Hovercraft Mk II

This is the successor to Hovercraft Mk I, as the name implies. My aim this time was to use the knowledge gained from Mk I to build a self-propelled hovercraft that's more stable than its predecessor.

A major difficulty in this design was the rectangular nature of the craft. Because Mk I was circular, the skirt worked fairly well. However, because Mk II is a rectangle, the air cushion would cause the skirt to bulge out on the sides in an attempt to be as circular as possible. To counter this, I had to run strings from the bottom of the craft to the bottom edge of the skirt. This would help keep the skirt in shape. Initially, I installed too few strings, and lift capabilities suffered. The addition of more strings dramatically increased performance.
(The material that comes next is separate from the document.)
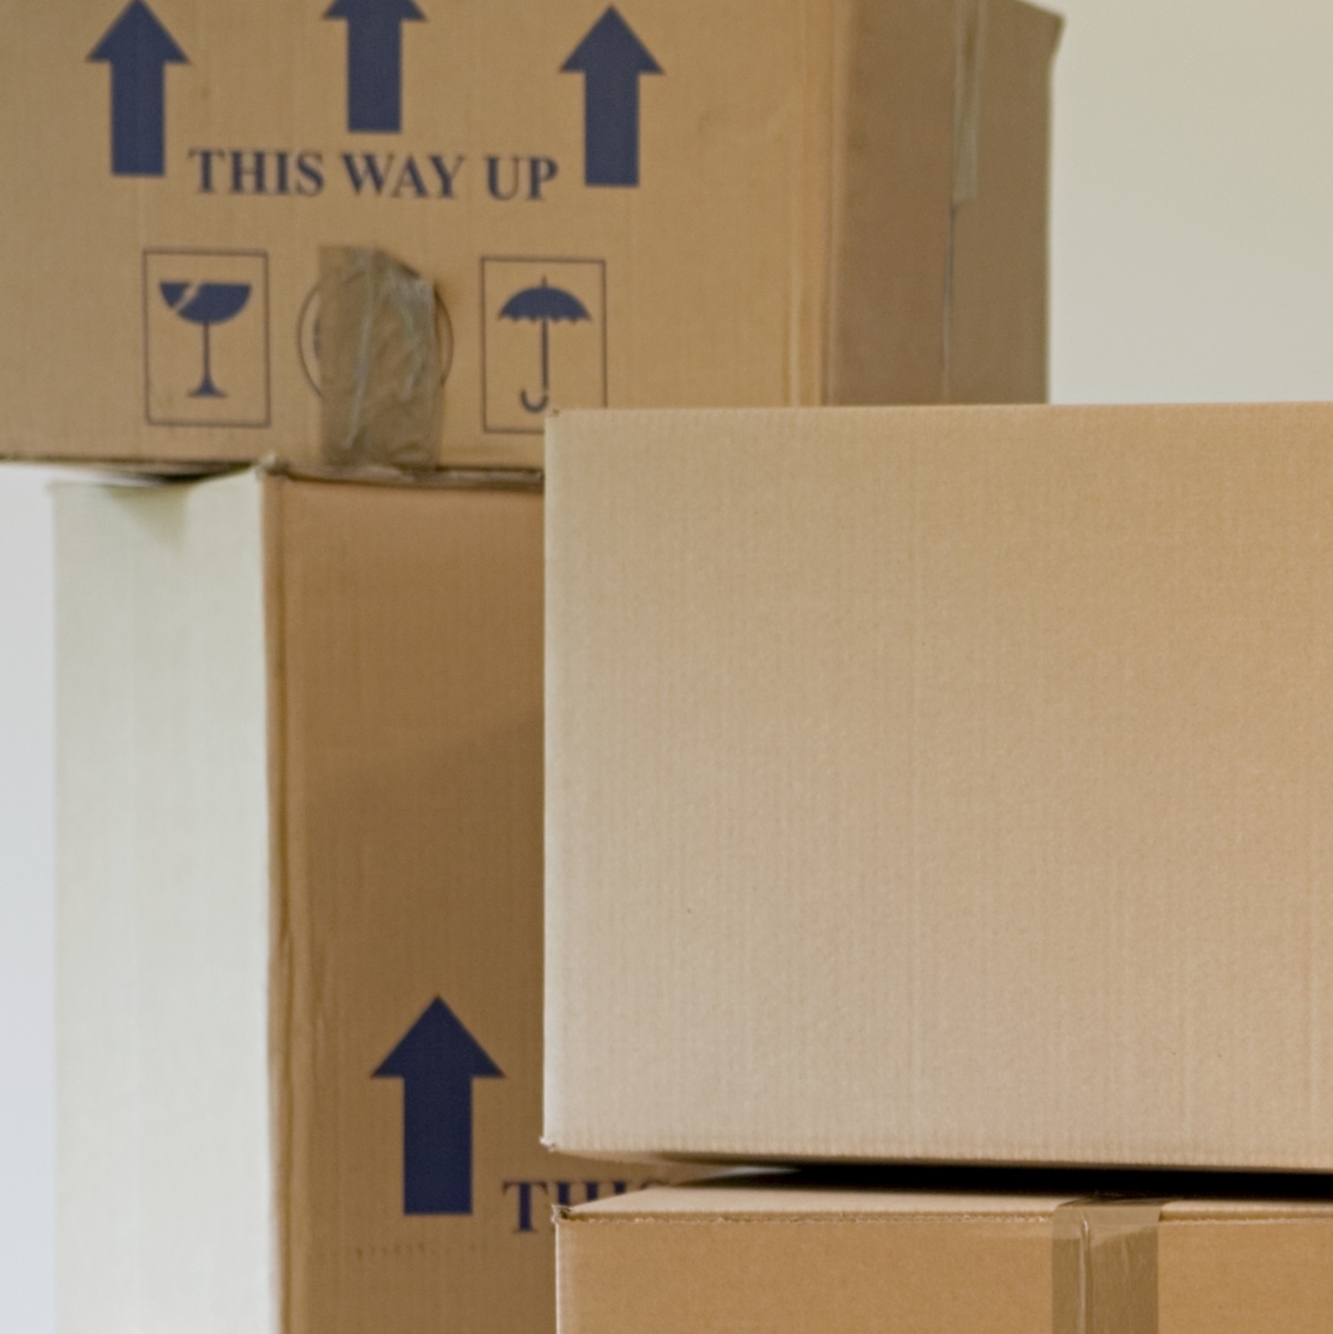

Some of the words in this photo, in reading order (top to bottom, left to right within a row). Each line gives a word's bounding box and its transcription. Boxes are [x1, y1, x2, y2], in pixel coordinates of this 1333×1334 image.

Making the skirt was also tricky. It is made from 4 sections, each cut at a half of a sine wave at each short end. This allowed me to curve the skirt segments into half tubes and have the ends match up. If you cut a tube at an angle and then unravel it to make it flat, the result will be a sine wave where it was cut. I used that phenomenon to make my half tubular skirt fit together. Overcomplicated, yes, I know.
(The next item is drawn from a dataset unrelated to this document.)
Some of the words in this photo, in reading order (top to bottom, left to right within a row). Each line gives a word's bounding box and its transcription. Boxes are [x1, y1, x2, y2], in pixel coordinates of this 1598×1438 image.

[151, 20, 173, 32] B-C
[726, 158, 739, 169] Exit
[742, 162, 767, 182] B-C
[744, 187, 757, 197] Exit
The lift engine is mounted such that the fan blades are under the plywood which composes the craft. Then holes were cut in the plywood around the engine to allow the air to blow under the craft. The engine was then raised on stacked washers in order to make the fan as close to the plywood as possible to make it as efficient as possible.
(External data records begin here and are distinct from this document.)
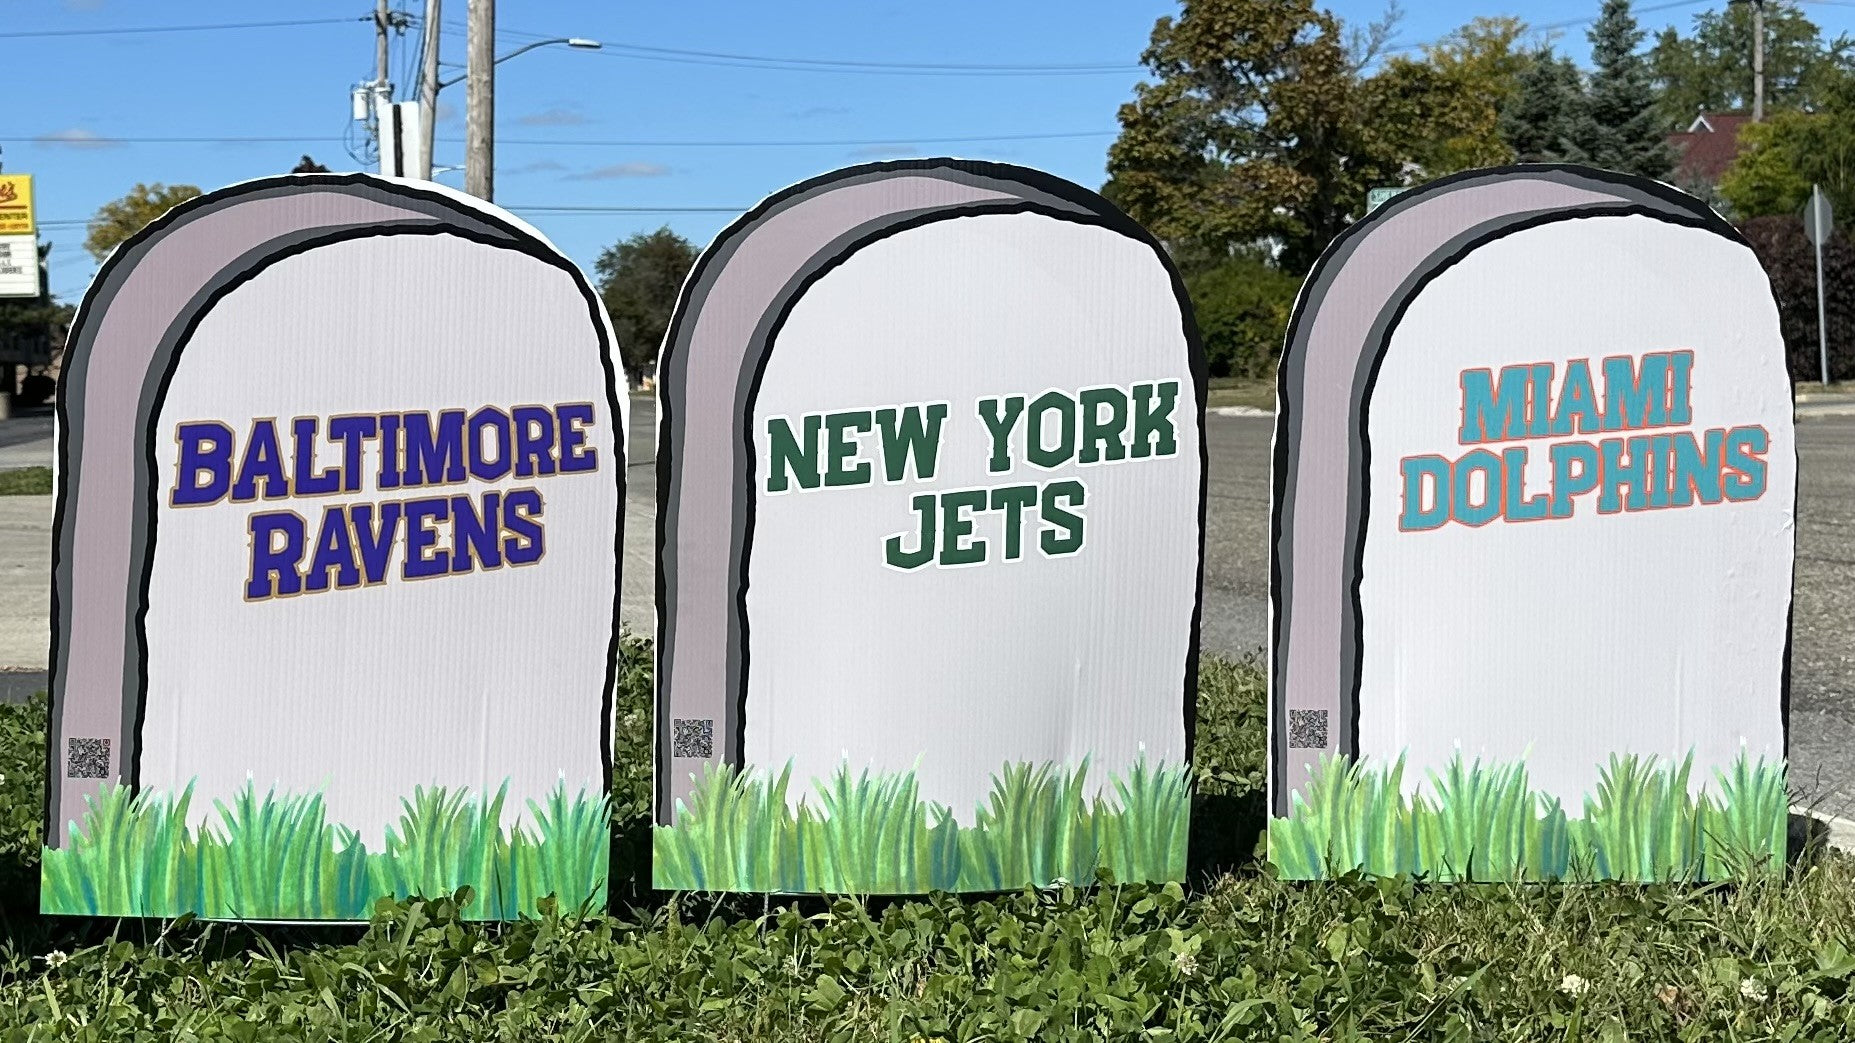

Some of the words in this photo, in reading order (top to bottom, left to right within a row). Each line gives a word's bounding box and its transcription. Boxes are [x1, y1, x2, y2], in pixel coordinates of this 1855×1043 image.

[764, 401, 951, 496] NEW
[976, 378, 1182, 475] YORK
[1459, 350, 1694, 445] MIAMI
[169, 402, 598, 508] BALTIMORE
[1399, 424, 1769, 532] DOLPHINS
[243, 487, 546, 602] RAVENS
[883, 477, 1087, 572] JETS
The thrust engine was a string trimmer, which, unlike the lift engine, is meant to be held when operated, not mounted. Thus, it soon became apparent that attaching the engine to the hovercraft would be a challenge. In the end, I removed part of the casing and bolted it to the hovercraft via the places where the front casing was meant to attach. Unfortunately, by doing so, the pull start was lost. Therefore, to start the engine, I need to wrap a rope around the drive shaft and then pull on it. It works very well, actually, and the only time the rope ever got caught in the fan was when I was using barn string. That got entangled when the rope frayed. Then I switched to a nylon rope, and it has never become caught since.

The rudder control is a control stick attached to the rudders via nylon rope, with turnbuckles for adjustment. I attached the stick to the rope under the pivot point so that moving the stick right will cause the craft to turn right. The throttle control was originally going to be a trigger mechanism attached to the engine with bike cabling. However, the bike cabling proved to be difficult because the cable had the wrong fittings on the end for the trigger and engine. Finally, I decided to abandon the trigger throttle, and opted for a pull throttle. Now, to the right of the seat, there is a rope with a handle that the pilot pulls on to increase throttle. The rope is attached to the throttle plate of the carburetor, and then travels through eye hooks to reach the pilot.

The cushioned chair was not included in the original design. Originally, the pilot was meant to sit directly on the red stool. I was at a garage sale, and they just gave it to me for free! I then spraypainted it black and put it on the hovercraft.

The thrust engine doesn't appear to produce significant thrust. On full throttle, the craft doesn't even budge. It only moved in the downloadable video when my father gave me a push. This is one of the problems I'm most concentrating on fixing in Mk III.